I actually expected objections on the opposite direction. But then, this is not twitter/X.
The point is that something that can easily generate 20%-100% growth per year (AGI/ASI) is so much more important that the best case prediction for crypto's effect on the economy are not even noticeable.
That's why comparing the crypto bubble to AI is so meaningless. Crypto was NEVER* going to be something hugely important, while AI is potentially almost limitless.
*If crypto had anything to offer at all, it would be ways to avoid fees, taxes and the ability to trace transactions.
The thing is, if crypto at any point seriously threatens to replace traditional currencies as stores of value in the US or EU, it will be banned instantly. Simply because it would make it impossible for governments to run budget deficits, prevent tax evasion and sever other things that governments care about.
LLM is not AGI and there's no way to AGI from LLM. Put down the kool-aid.
I never claimed llm's are agi. Not all neural nets are llm's.
I agree with you on the AI point, but with crypto not all is what it seems.
Yes you may have short term growth, this is solely due to there being less regulation.
Despite what many people think regulation is a good thing, put in place to avoid the excesses that lead to lost livelihoods. It stops whales from exploiting the poor, provides tools for central banks to try avoid depressions.
Costs wise, banks acting as trust authorities actually can theoretically be cheaper too.
Well, I agree with all that. The 1-3% was meant to come off as a tiny, one-time gain, and an optimistic estimate of that. Not at all worth the hype.
Basically, crypto is more like gold rush than a tech breakthrough. And gold rushes rarely lead to much more than increased inflation.
Absolutely
Bank fees don't disappear into the ether when they're collected, so I doubt they have this much affect.
Oh, made my very first retail purchase with Bitcoin the other day. While the process was pretty slick and easy, the network charged $15.00 in fees. Long way to go until "free".

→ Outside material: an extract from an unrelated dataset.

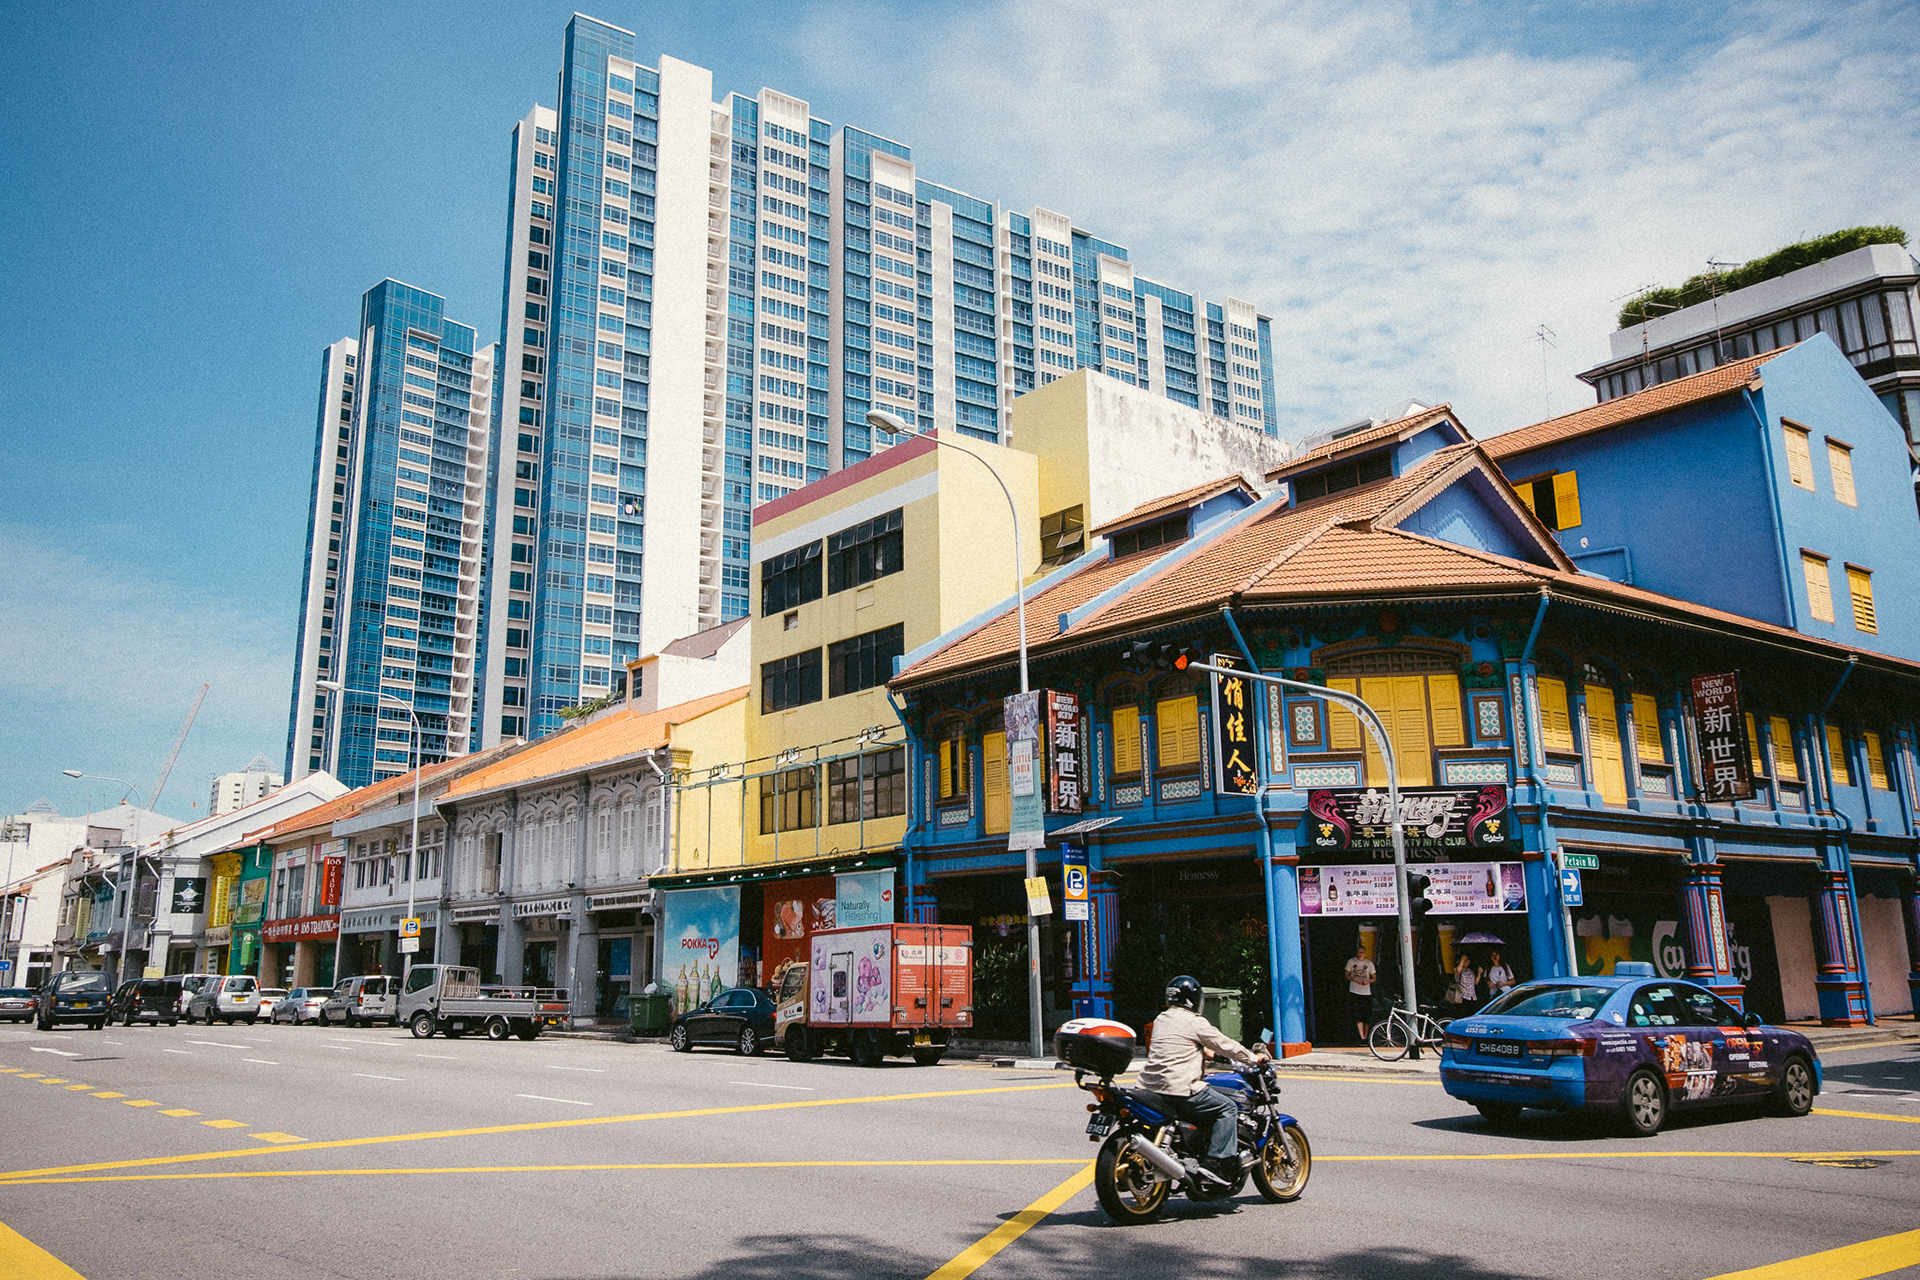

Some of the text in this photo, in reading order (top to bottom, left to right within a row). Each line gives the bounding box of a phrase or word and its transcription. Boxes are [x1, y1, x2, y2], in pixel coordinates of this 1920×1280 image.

1-3% was intended as a ceiling for what cryptocurrency could bring to the economy, after adjusting for the reduction in inflation once those costs are gone.
Do you have a source for any of these numbers or is this just your speculation? I haven’t seen any estimates from well-known institutions that reference any of the numbers your are pointing to.
"Productization". You mean "enshitification".
Depends on who is controlling product.
Will they though? Last I heard OpenAI isn't profitable, and I don't know if it's safe to assume they every will be.
People keep saying that LLMs are an existential threat to search, but I'm not so sure. I did a quick search (didn't verify in any way if this is a feasible number) to find that Google on average makes about 30 cents in revenue per query. They make a good profit on that because processing the query costs them almost nothing.
But if processing a query takes multiple seconds on a high-end GPU, is that still a profitable model? How can they increase revenue per query? A subscription model can do that, but I'd argue that a paywalled service immediately means they're not a threat to traditional ad-supported search engines.
I honestly think that is the best course of actions for humanity. Even less chance to see AGI anytime soon if he leaves.
What an absurd thing to say.
John Schulman is still at OpenAI. As are many others.
AKA 'the four horsemen of enshitification'.
Jakub Pachocki is taking over as chief scientist. https://analyticsindiamag.com/meet-jakub-pachocki-openais-ne...
I don’t think people give Dario enough credit
Yeah, I think him leaving was a huge blow to OpenAI that they have maybe not yet recovered from. Clearly there is no moat to transformer-based LLM development (other than money), but in terms of pace of development (insight as to what is important) I think Anthropic have the edge, although Reka are also storming ahead at impressive pace.
Jakub Pachocki is still in OpenAI though
Karpathy is still a mountain in the area of ML/AI, one of the few people worth following closely on Twitter/X.
I love Karpathy. He's like a classical polymath, a scholar and a teacher.
Greg Brockman is a very good engineer. And that's maybe even more important in the current situation.